I've travelled to 38 countries across 4 continents, both independently and with my wife. I've been writing travel guides and making videos since 2007, all based on my real-life experiences. Here To Travel is a place for travel advice and inspiration that encourages us all to make mindful decisions. If you want to have life changing adventures that have minimal impact on the places and people you visit, Here To Travel is for you.

16 thoughts on “Bergamo, Italy: 6 Reasons to Visit Milan’s Lesser-Known Neighbour”

  1. This is awesome, we are planning to visit in March 2018. Thanks, Matt and Jade for the info and tips. Absolutely helpful. Cheers

  2. Loved your blog – thank you. Is it possible/ easy to travel from Il Caravaggio airport to lake Comp by bus/tea in? Any pitfalls?

    • Hi Dorothy,

      Thanks for your comment.

      To get from Orio al Serio “Il Caravaggio” Airport to the Lake Como area, you’ll need to get a bus from the airport to Bergamo (Bus 1) or Milan (Terravision, Orioshuttle or Autostradale) and then catch the train to Como. From Como, you can then catch a public bus to your final destination.

      We travelled on both routes and found the Bergamo route easier as the bus station and train station are adjacent to one another and Bergamo is much less busy and potentially less confusing then Milan. Train tickets can be purchased in advance or at the station just before departure.

      Hope that helps.

  3. Is Bergamo safe at night.
    Would it be safe to go around Bergamo at 5 till 7 at this time of year.

    • We were only in Bergamo for a short period in the daytime, so I’m afraid we don’t know for certain whether Bergami is safe.

      That said, at no point during our visit did we ever get a sense of it being a particularly unsafe place.
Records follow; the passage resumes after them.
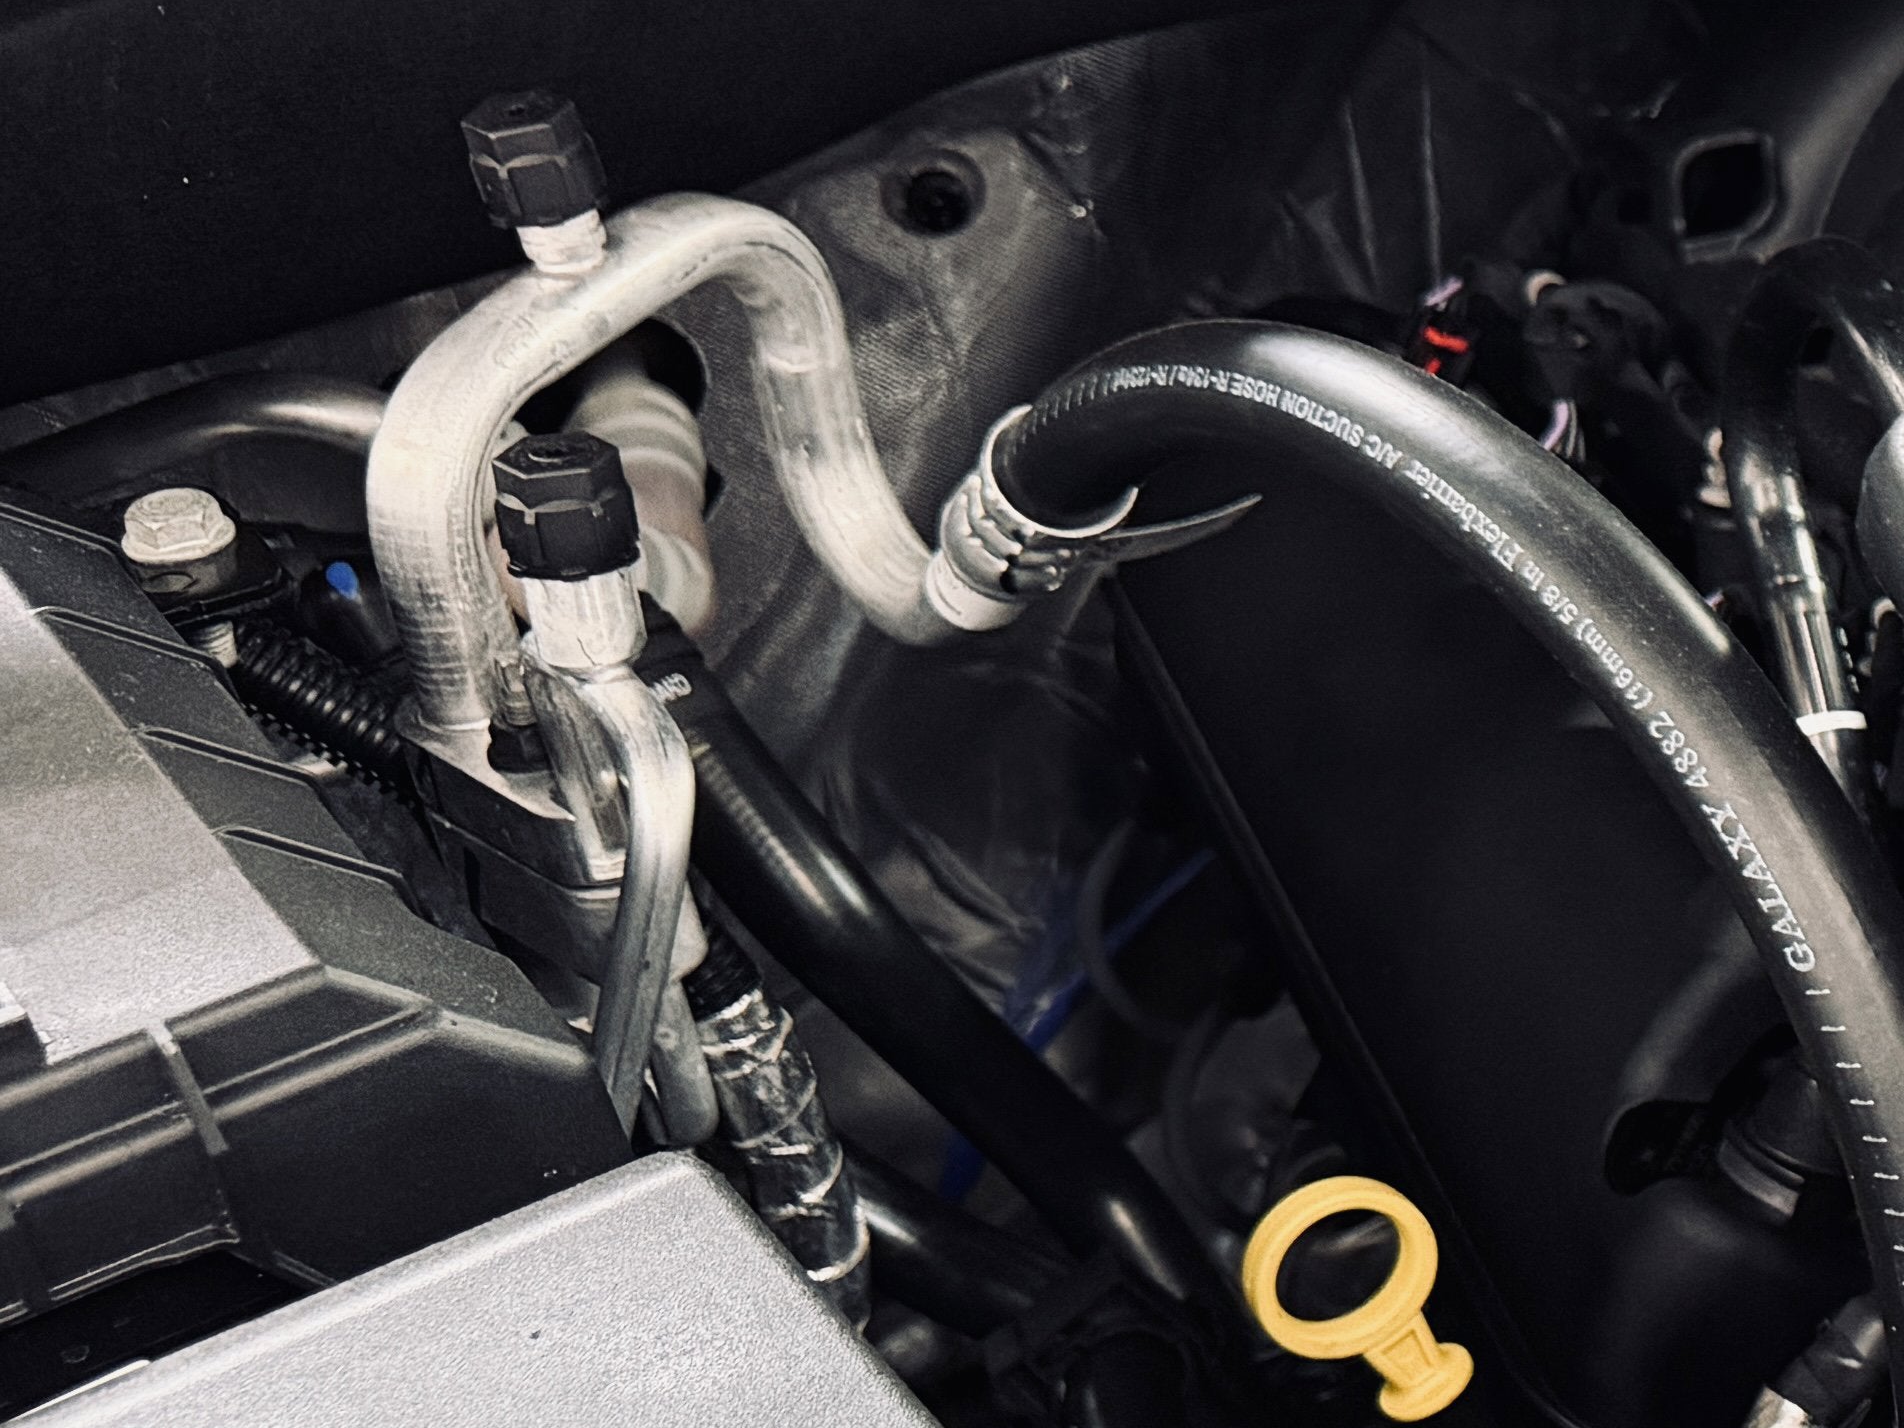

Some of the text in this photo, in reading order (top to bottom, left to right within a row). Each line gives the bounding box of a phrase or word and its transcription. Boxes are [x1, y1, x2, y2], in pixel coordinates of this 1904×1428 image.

[1229, 372, 1281, 408] HOSE
[1280, 390, 1365, 448] SUCTION
[1363, 434, 1403, 469] A/C
[1403, 460, 1525, 572] Flexbarrier
[1541, 585, 1579, 625] 5/8
[1575, 618, 1654, 710] (16mm)
[1649, 711, 1710, 788] 4882
[1701, 801, 1817, 973] GALAXY
It’s just a normal city, so it’s no more unsafe than any other European city.

      Between 5 and 7 it’s the rush hour and not really night time, so there will be plenty of ordinary people about. My bet is that you’ll be perfectly safe, provided you take normal precautions, as you would in your own hometown. If you’re visiting during the summertime, it’ll be broad daylight, so another reason to think you’ll be fine.
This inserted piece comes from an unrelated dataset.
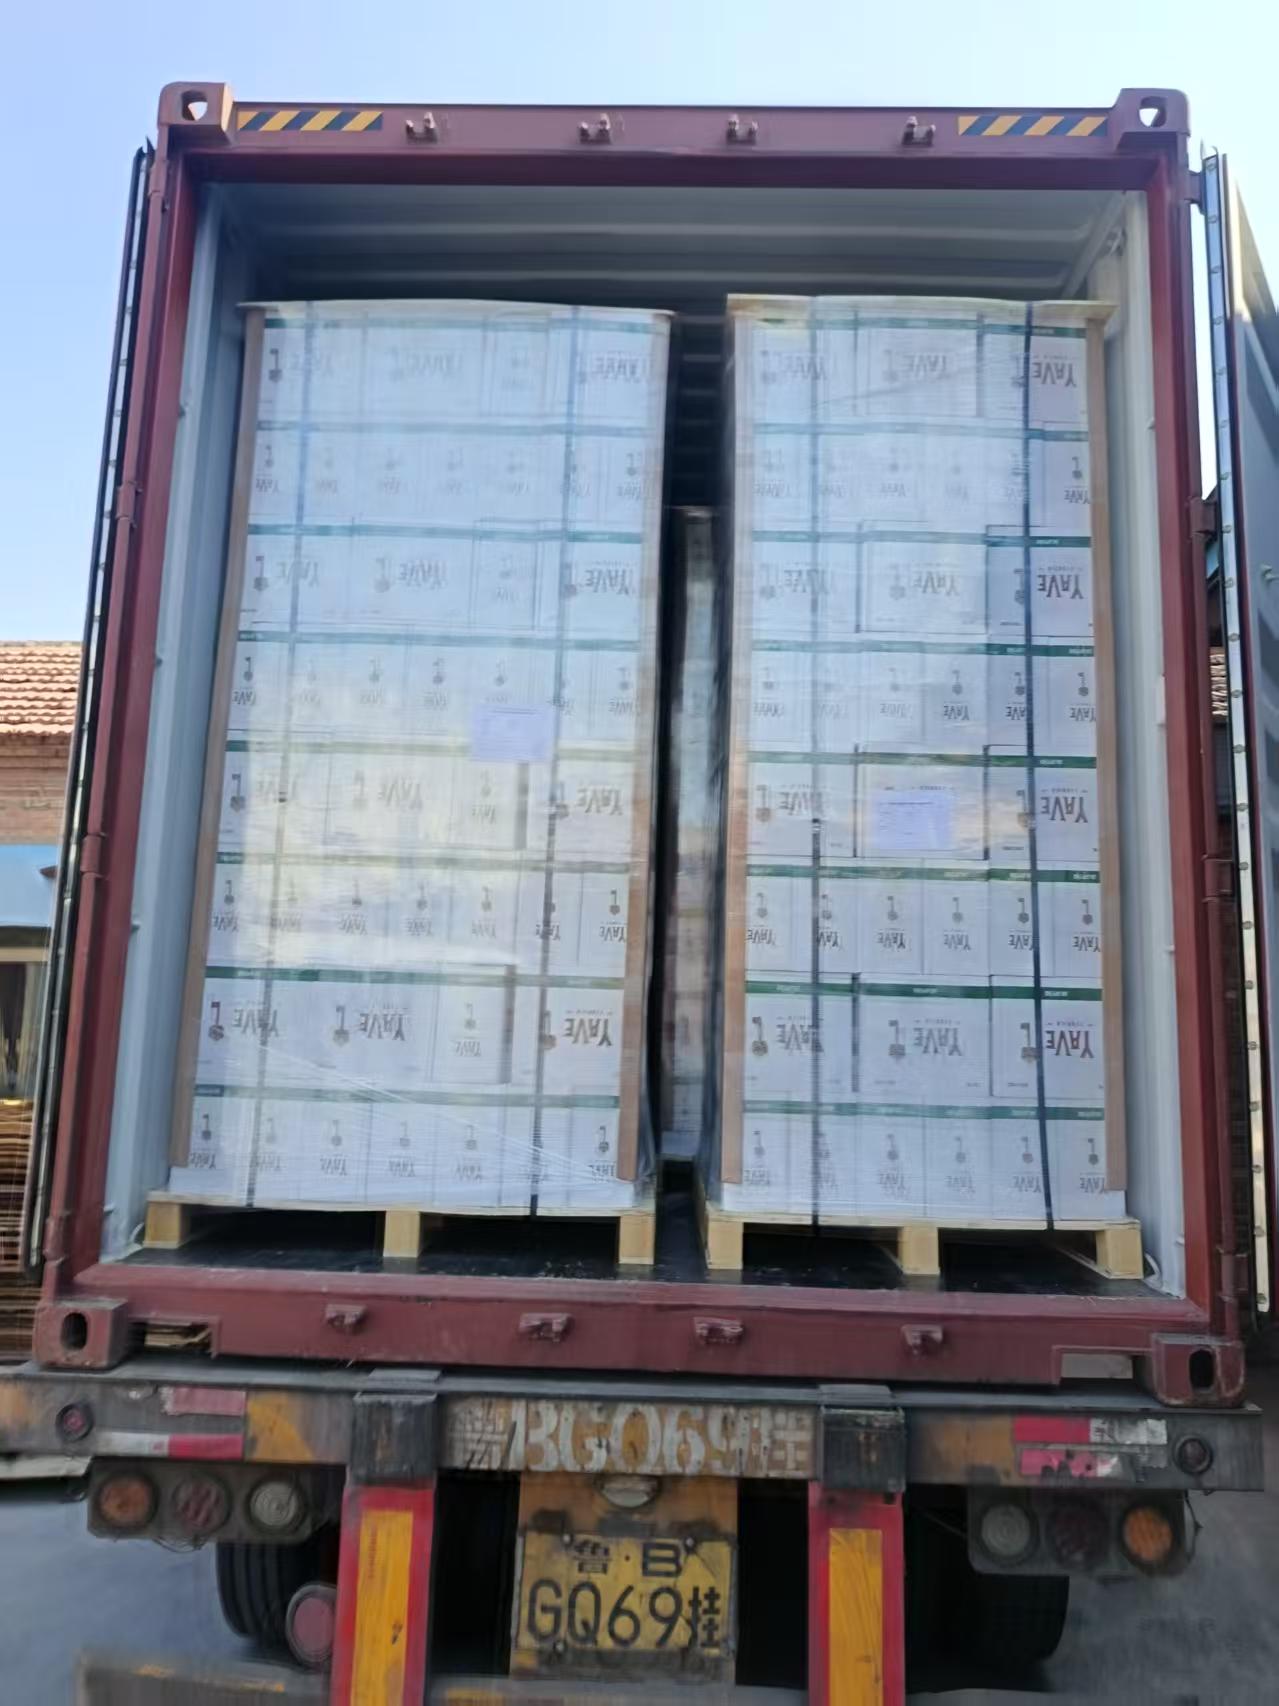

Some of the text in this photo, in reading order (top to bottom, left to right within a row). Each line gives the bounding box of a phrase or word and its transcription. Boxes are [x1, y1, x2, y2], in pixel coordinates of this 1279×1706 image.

  4. on youtube : rinascerò rinascerai
    the video of the song dedicate to Bergamo and his coronavirus, but very interesting with a drone sight over the town

  5. After visiting sixty countries and towns beyond my math, Bergamo stays top on my list. It combines Italian friendliness with Finnish trustworthiness. I wish that Ryanair continues flights from Lappeenranta to Bergamo as soon as possible.

  6. great blog, can I ask for someone who has never been to Italy before and speaks no Italian how easy is to to get on buses, trains etc…

    • I’ve just been to Bergamo and found using trains and buses very easy. Major stations have ticket machines which have an option to translate to English. Just make sure you validate your ticket before you get on the train at one of the validating machines on the platform. If there isn’t a ticket machine then there is usually a shop neaby selling tickets. Same for buses just make sure you validate your ticket on the bus. I found most of the staff spoke enough English and were very helpful. Public transport in Italy is cheap to use and very efficent and you’ll also find alot of useful information on their websites

  7. Good , interesting blog , I’m happy to read your article and thanks for sharing with us . for sure Bergamo it’s in my top Bucklist .

  8. Helpful and useful information, thank you very much. Looking forward to visiting now even more.
    That video in the above link is very powerful. We’ll worth watching, and remembering the fear and tragedy of Covid in tge early days. Grazie miller.